I’ve talked a bit about federated wiki in terms of the way it enables collaboration with others across institutional boundaries. But as we go into Happening #2, I’m gaining more appreciation with the way that it allows for collaboration with ourselves across temporal boundaries.

That may sound really muddled. But consider the scenario I demonstrate below. I’m reading a piece by MC Morgan in the current happening about the Jacquard Loom. He’s discussing it in our happening on teaching machines because it was an influential example of a “programmable machine”.

And I start to get a bit of an itch reading that, because I feel like we talked about something like that in the FIRST happening (which was *not* on teaching machines, or even machines). And so I — well, I’ll show you what happened in this 4 minute video.

Incidentally, while I edited out some “umms” and “ahhs” and silent readings out of that video, it’s not staged. It’s actually me realizing in near-real-time the connection between Stravinsky’s idea that the player piano ensured “fidelty” to the score to the idea the Jacquard Loom ensured fidelity to the design, to the idea that the appeal of courseware to administrations is tied up with this notion of fidelity too. That we talk about efficiency, but the other concern has been there since day one.

I knew these things separately, but I didn’t see the connection, didn’t REALLY see the connection, until just then.

A quick aside: If you’ve done screencasts of educational technology before, let me ask you this: have you caught an intense, unscripted moment of learning on them? Probably not, right? The weird thing is with federated wiki this happens ALL THE TIME. 

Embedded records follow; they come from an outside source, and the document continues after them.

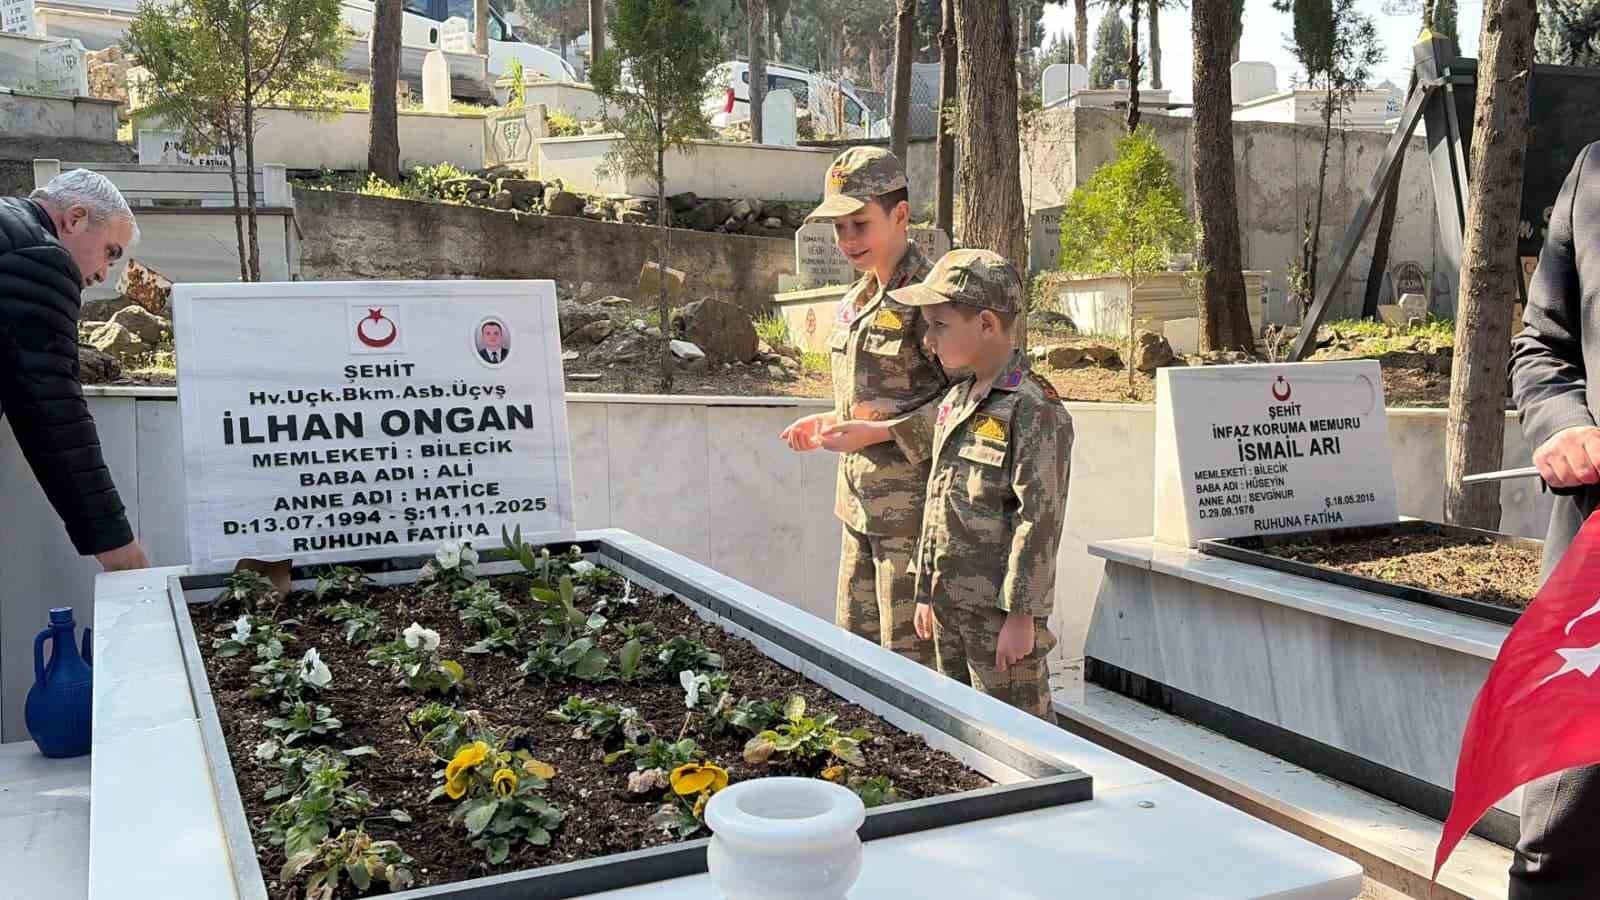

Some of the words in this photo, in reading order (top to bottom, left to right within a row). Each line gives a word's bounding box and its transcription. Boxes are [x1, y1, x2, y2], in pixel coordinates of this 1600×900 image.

[344, 360, 415, 383] ŞEHİT
[250, 379, 506, 407] Hv.Uçk.Bkm.Asb.Üçvş
[1268, 401, 1301, 420] ŞEHİT
[223, 411, 364, 445] İLHAN
[381, 404, 534, 437] ONGAN
[1212, 423, 1250, 439] İNFAZ
[1253, 419, 1307, 436] KORUMA
[1309, 417, 1361, 432] MEMURU
[252, 441, 397, 468] MEMLEKETİ
[420, 436, 513, 458] BİLECİK
[1237, 434, 1304, 462] İSMAİL
[1309, 436, 1341, 457] ARI
[299, 470, 367, 487] BABA
[375, 466, 414, 482] ADI
[437, 458, 473, 478] ALİ
[1194, 464, 1246, 480] MEMLEKETİ
[1254, 462, 1288, 475] BİLECİK
[274, 493, 343, 511] ANNE
[352, 489, 392, 506] ADI
[415, 480, 500, 501] HATİCE
[1196, 483, 1221, 494] BABA
[1223, 481, 1238, 491] ADI
[1246, 475, 1285, 489] HÜSEYİN
[1199, 495, 1224, 507] ANNE
[1226, 494, 1241, 505] ADI
[223, 510, 381, 535] D:13.07.1994
[404, 497, 547, 526] Ş:11.11.2025
[1254, 516, 1301, 531] RUHUNA
[1304, 509, 1343, 526] FATİHA
[293, 530, 399, 552] RUHUNA

You start to see the bigger vision when you realize that federated wiki can accomodate many types of data: formulas, equations, programming tools, CSV data. Here I pull in an idea and connect it. But maybe I’m in a student in a stats class and I realize I can pull in some water readings I took in last semester’s bio class, and use that data to work through my understanding of standard deviation.

Maybe I see another kid pull in his old bio data, and I remember I built a data visualization tool last semester, so I pull that in and link it to the data, which pushes out a tweakable representation.

The thing is we think we know what hypertext and reuse looks like. But I don’t think we have any idea, because we’ve been confined to the very minimal linking and reuse the web allows. And so the idea vendors are pushing for students on the web is the “ePortfolio”, a coffin of dead projects the student has worked on, indistinguishable from a printed binder or filled portfolio case.

On one side, have this amazing, dynamic, living tool that could help us think thoughts impossible without it, and truly augment our intellect. You could graduate with a tool you had assembled, personally, to help you think through problems. Something quite close to Alan Kay’s vision of Personal Dynamic Media.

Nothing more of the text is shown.